(Saved data entries)
----------
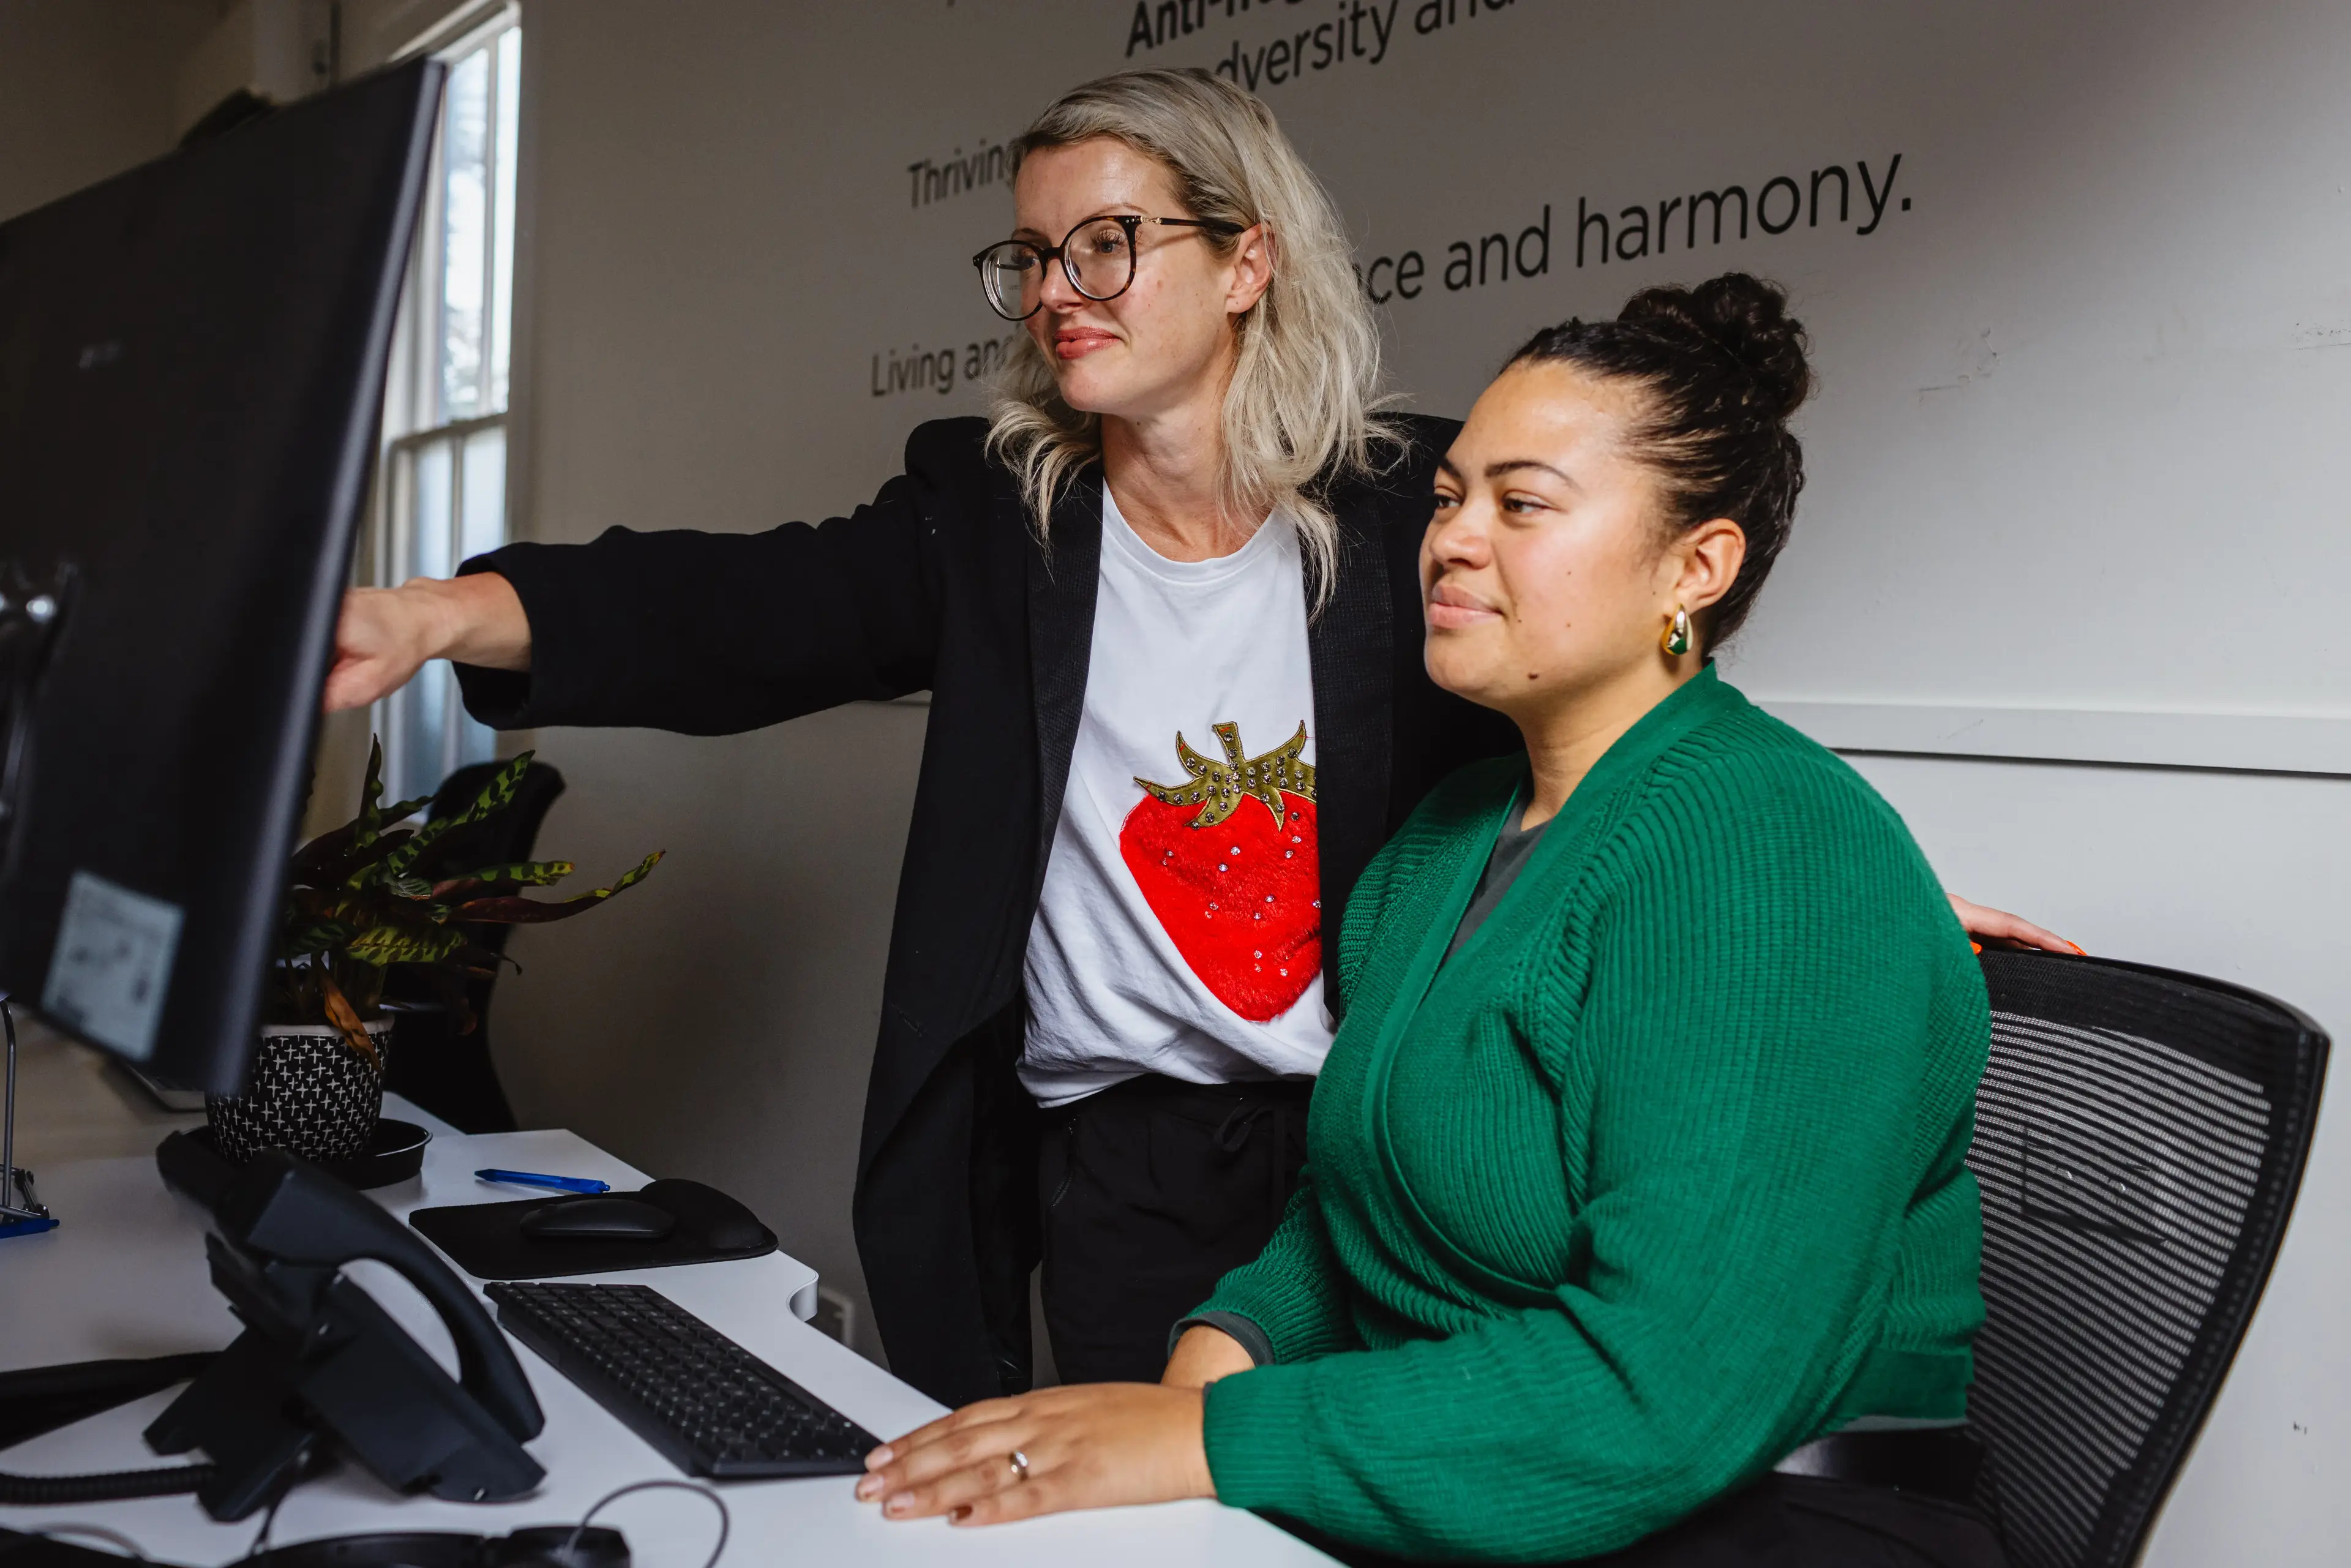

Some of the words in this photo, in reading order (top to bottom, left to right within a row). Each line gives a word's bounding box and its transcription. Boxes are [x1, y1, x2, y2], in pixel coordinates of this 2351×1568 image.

[908, 137, 1005, 208] Thrivin
[1215, 0, 1397, 91] dversity
[871, 342, 954, 397] Living
[964, 323, 1019, 380] an
[1444, 203, 1551, 293] and
[1576, 153, 1911, 268] harmony.
----------
TASK INSTRUCTIONS: Give back the records exactly, minus any pictures.

RESULT OF THE TASK:
Some of the words in this photo, in reading order (top to bottom, left to right within a row). Each line gives a word's bounding box and its transcription. Boxes are [x1, y1, x2, y2], in pixel coordinates of this 2351×1568 image.

[908, 137, 1005, 208] Thrivin
[1215, 0, 1397, 91] dversity
[871, 342, 954, 397] Living
[964, 323, 1019, 380] an
[1444, 203, 1551, 293] and
[1576, 153, 1911, 268] harmony.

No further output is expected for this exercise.